Ameaça ao crescimento

A corrosão da renda familiar, desde a instalação da crise econômica, obrigou várias crianças e adolescentes a se submeterem a condições insalubres de trabalho. Muitas são expostas compulsoriamente à situação ilícita a fim de que elas contribuam financeiramente com o orçamento gerido pelos pais ou responsáveis legais.

A Constituição, porém, determina que o jovem pode exercer atividade laboratícia a partir dos 14 anos, como aprendiz vinculado a um projeto de formação escolar, ou somente após completar 16 anos de idade. Ao serem ignorados tais requisitos, ameaça-se a infância e se implantam sequelas na vida adulta que são refletidas no âmbito profissional e psicológico das vítimas.

Quando a criança se insere precocemente no mercado de trabalho, na maioria das vezes, ela abandona a vida escolar e deixa de ter acesso a diversos benefícios garantidos pela educação.

Entre os prejuízos, perde todo o aprendizado que pode ser assimilado diante da convivência com outras pessoas da mesma faixa etária, proporcionada pelas unidades de ensino. Esse processo é essencial ao desenvolvimento saudável.

Outro dano é a irreversível redução das chances de esses jovens, no futuro, obterem emprego formal, que oferece bons salários, pois fora da escola, existem obviamente consideráveis efeitos deletérios sobre o nível de qualificação.
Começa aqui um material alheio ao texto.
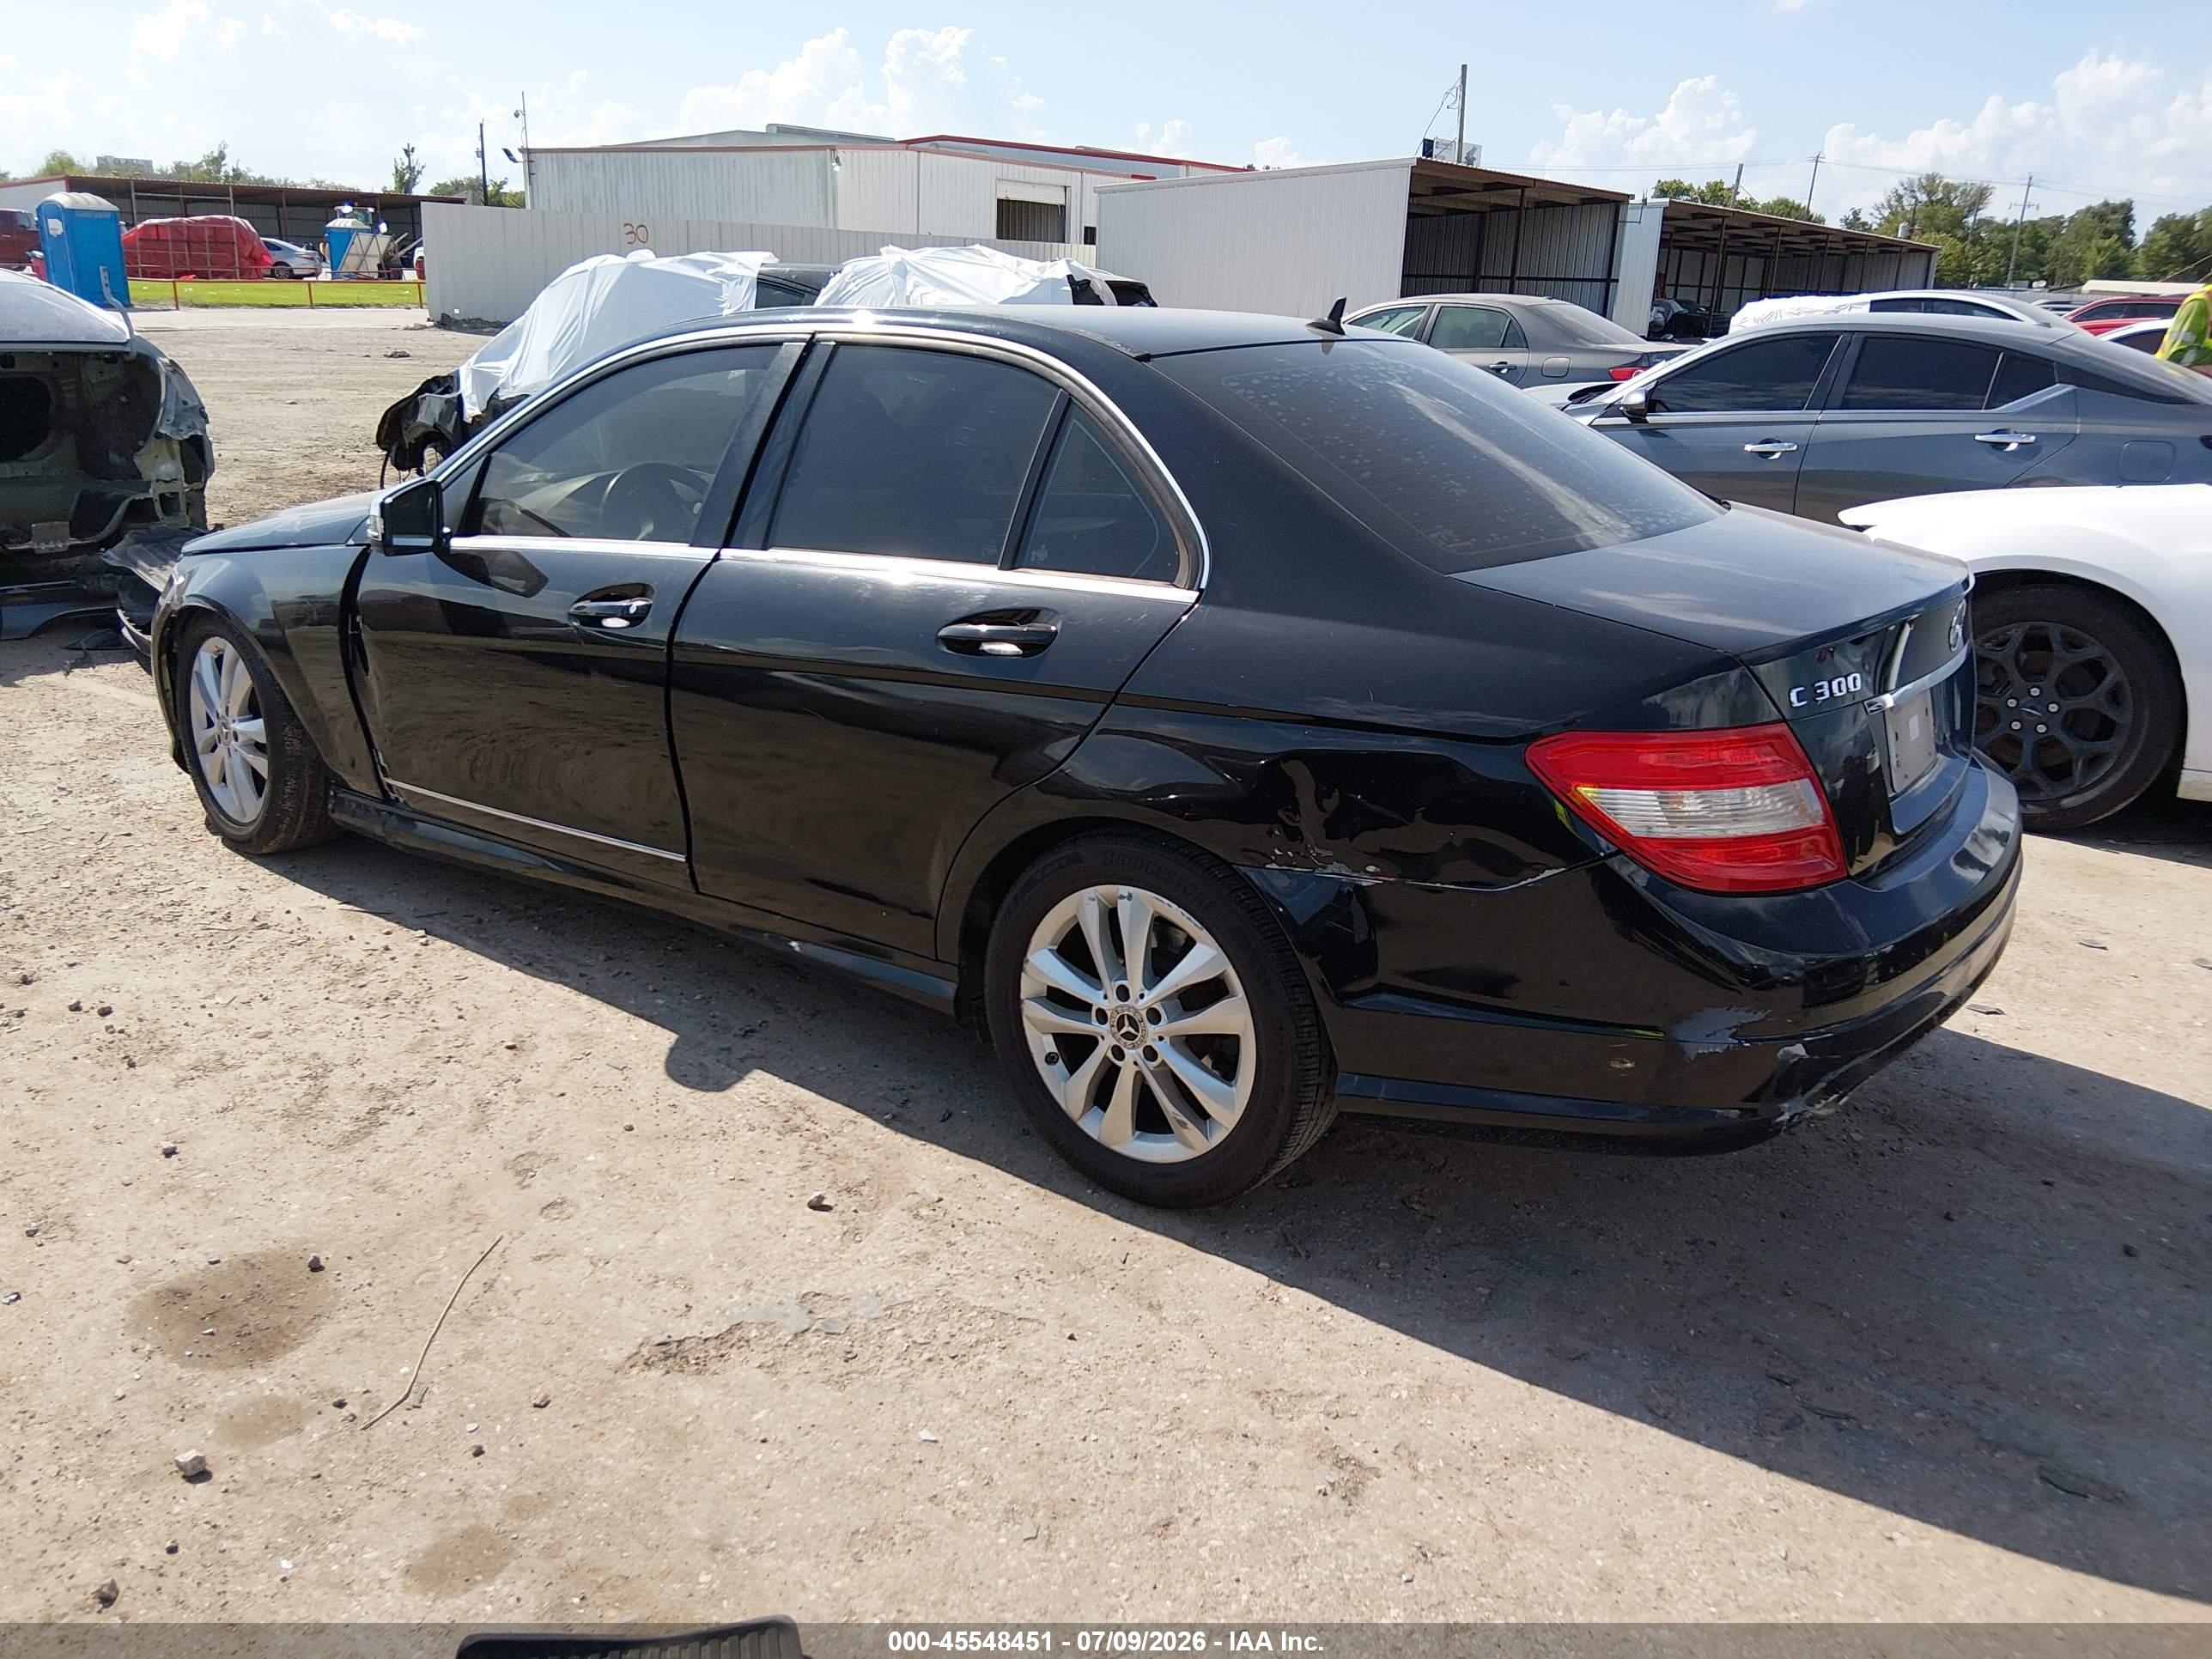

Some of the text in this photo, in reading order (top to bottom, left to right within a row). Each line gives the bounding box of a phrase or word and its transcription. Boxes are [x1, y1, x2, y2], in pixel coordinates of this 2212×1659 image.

De acordo com as pesquisas do IBGE (Instituto Brasileiro de Geografia e Estatística), em 2016, havia 1,8 milhão de jovens de 5 aos 17 anos empregados. Desse total, 998 mil estavam em situação ilegal de trabalho. O cenário mais grave é na região Norte, onde a proporção de crianças entre 5 e 13 anos de idade ocupadas equivale a 1,5% de todo esse grupo etário. O Nordeste vem atrás, com 1%. O Sudeste fica em torno de 0,3%.

Um dos maiores obstáculos no combate à exploração do trabalho infantil é a aceitação desse fato como normal. Os órgãos públicos realizam campanhas para conscientizar a população sobre o que representa o problema. Todavia, perduram as dificuldades em fazer uma parte da sociedade compreender os grandes malefícios em submeter prematuramente a juventude a jornadas extenuantes.
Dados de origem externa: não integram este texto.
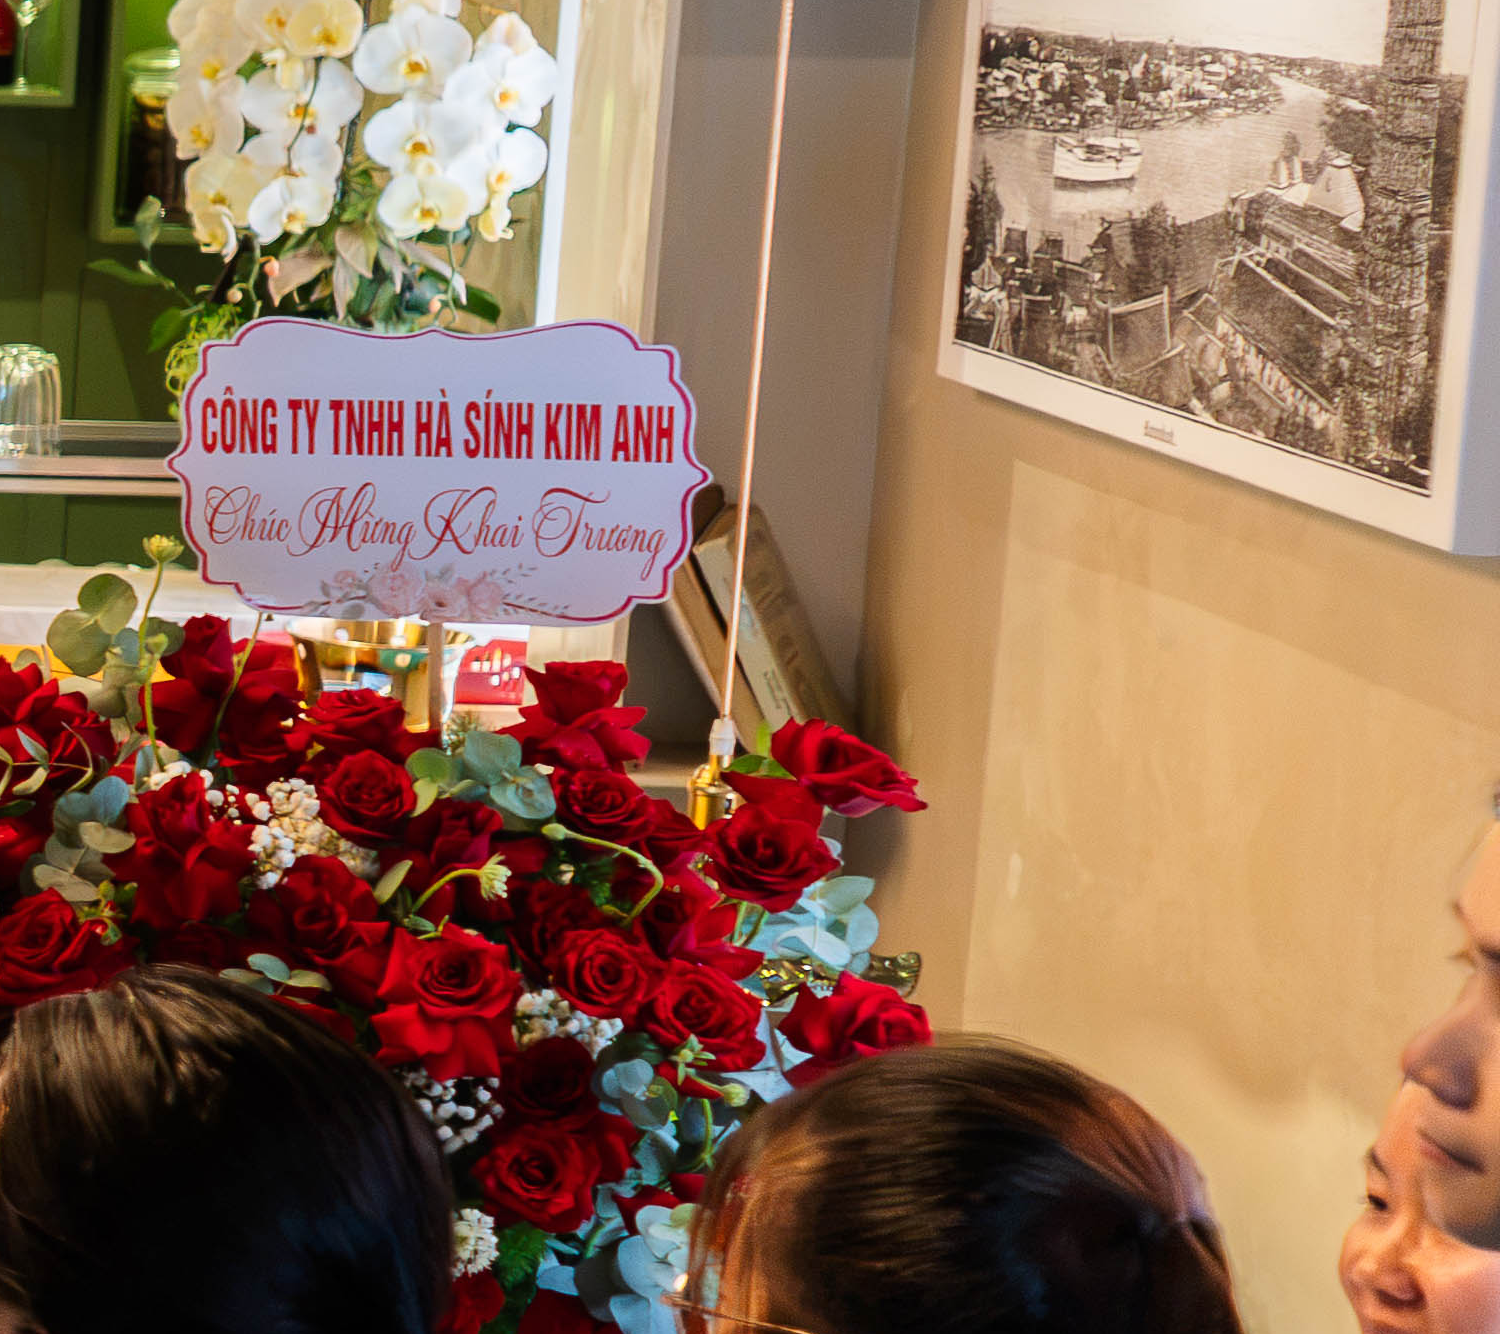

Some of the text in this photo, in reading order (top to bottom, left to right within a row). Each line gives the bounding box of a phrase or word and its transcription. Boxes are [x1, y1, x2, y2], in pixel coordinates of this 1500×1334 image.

A agricultura, por exemplo, é responsável por concentrar o maior contingente de jovens no trabalho do campo, principalmente, devido a uma cultura de que é importante colocar a criança em atividades laborais para permitir que elas consigam rapidamente incorporar as técnicas utilizadas pelos seus pais. Entre os pequenos até 13 anos, segundo o IBGE, que trabalhavam em 2016, 47,6% estavam ocupados na zona rural.

Em razão da aceitação dessa conduta, o volume de denúncias não traduz a magnitude do problema. Embora seja possível comunicar às autoridades competentes situações ilícitas por meio de ferramentas disponíveis na Internet ou através do telefone (Disque 100), a mobilização social é reduzida. Eliminar essa apatia se tornou desafio premente, sobretudo, em face de o trabalho infantil estar, habitualmente, associado a outros atos de exploração, como cárcere privado, abusos físicos e violação sexual.

O governo brasileiro se comprometeu a erradicar até 2015 a presença de crianças e adolescentes nas formas de trabalho vedadas, de acordo com a Organização Internacional do Trabalho, mas nem se aproximou da meta. Para cumpri-la, ainda que tardiamente, é decisivo adotar ações públicas que incentivem os pais a colocar seus filhos na escola e fiscalizem os setores mais recorrentes nas práticas exploratórias desse trabalho ilegal.